By: Audrey, Tuesday March 15, 2016

On March 15, 2016 Dr. Marcus Luckwaldt talked to us about general veterinary procedures including micro-chipping, nail trims, blood draws and exams especially for those birds who produce blood tears during the exam. Marcus’ assistant, Dr. Erin Wiancko, a local GTA avian specialist vet with her Master’s degree in ornithology also came to help out.

Did you know that even anemic birds can give blood safely? According to Dr. Marcus, they can give up to 1% of their body weight in blood while vets require only a tiny amount for testing. The main concern when taking a blood sample is stress to the bird as stress hormones can skew the results.

Your vet will start by weighing your bird to determine the amount of blood to be drawn. Bandit “gladly” served as our example and was weighed in a closed container and his blood drawn. We all now know that he has been eating very well this winter – he is up to 511 g and will need to slim down a bit to fit into his summer speedo!

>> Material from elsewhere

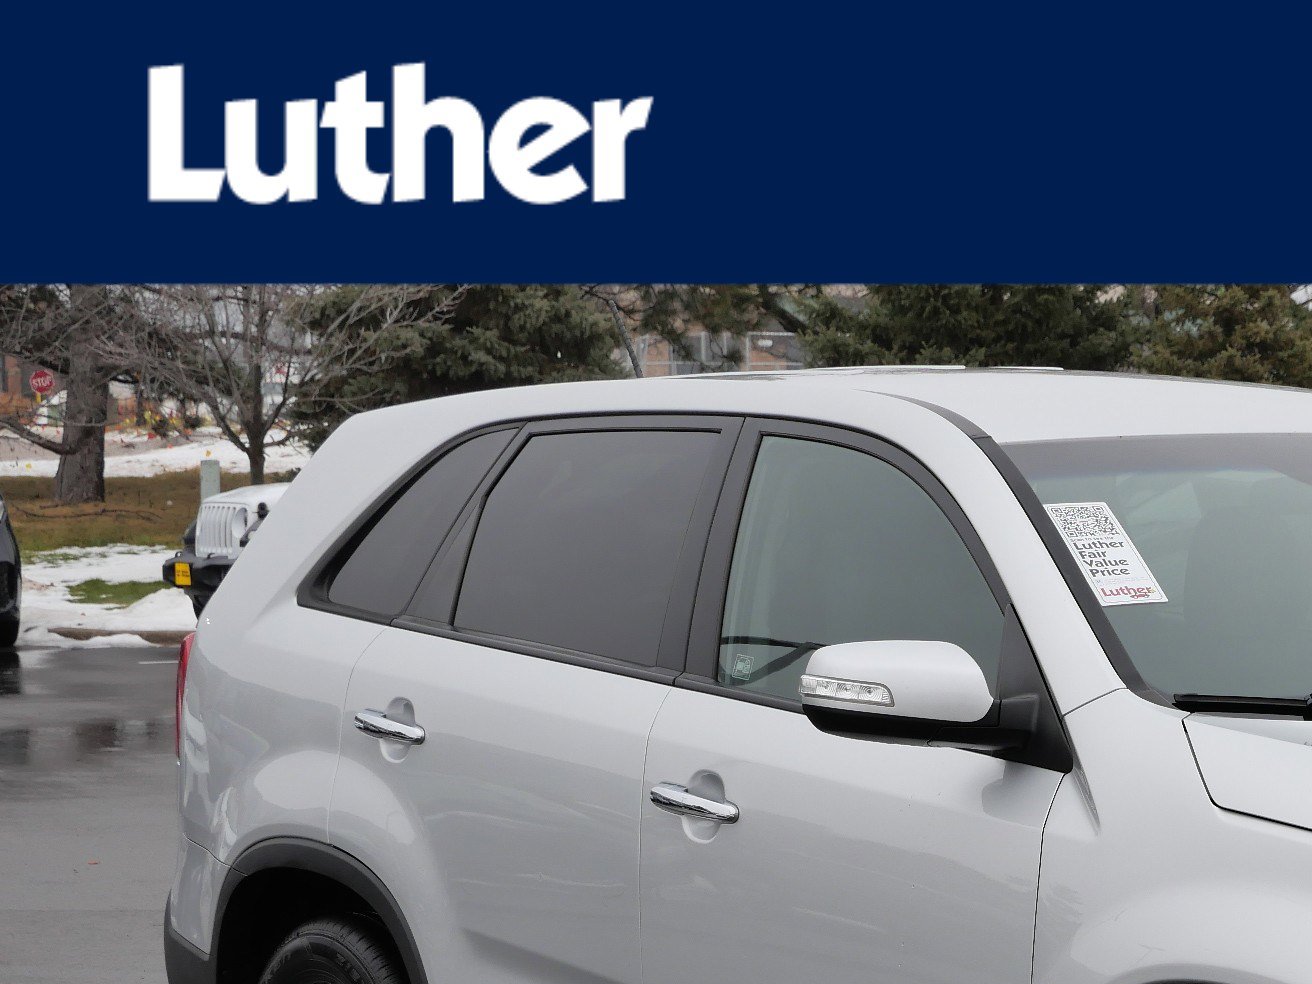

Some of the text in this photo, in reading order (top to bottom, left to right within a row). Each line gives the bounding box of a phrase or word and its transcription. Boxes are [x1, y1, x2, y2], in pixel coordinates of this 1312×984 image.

Bandit was a perfect gentleman, responding well to being toweled for the procedure and blood was drawn from the jugular vein by Dr. Marcus while Dr. Erin gently but firmly held him in the towel. Of interest is the fact that bird necks are in an “S” shape and the vet will elongate the neck to prevent the bird from reaching around and nipping during the process.

Lucy gladly acted as our Vanna White and mixed the blood in the vials and aired the slide which was stained with Bandit’s blood for further exam.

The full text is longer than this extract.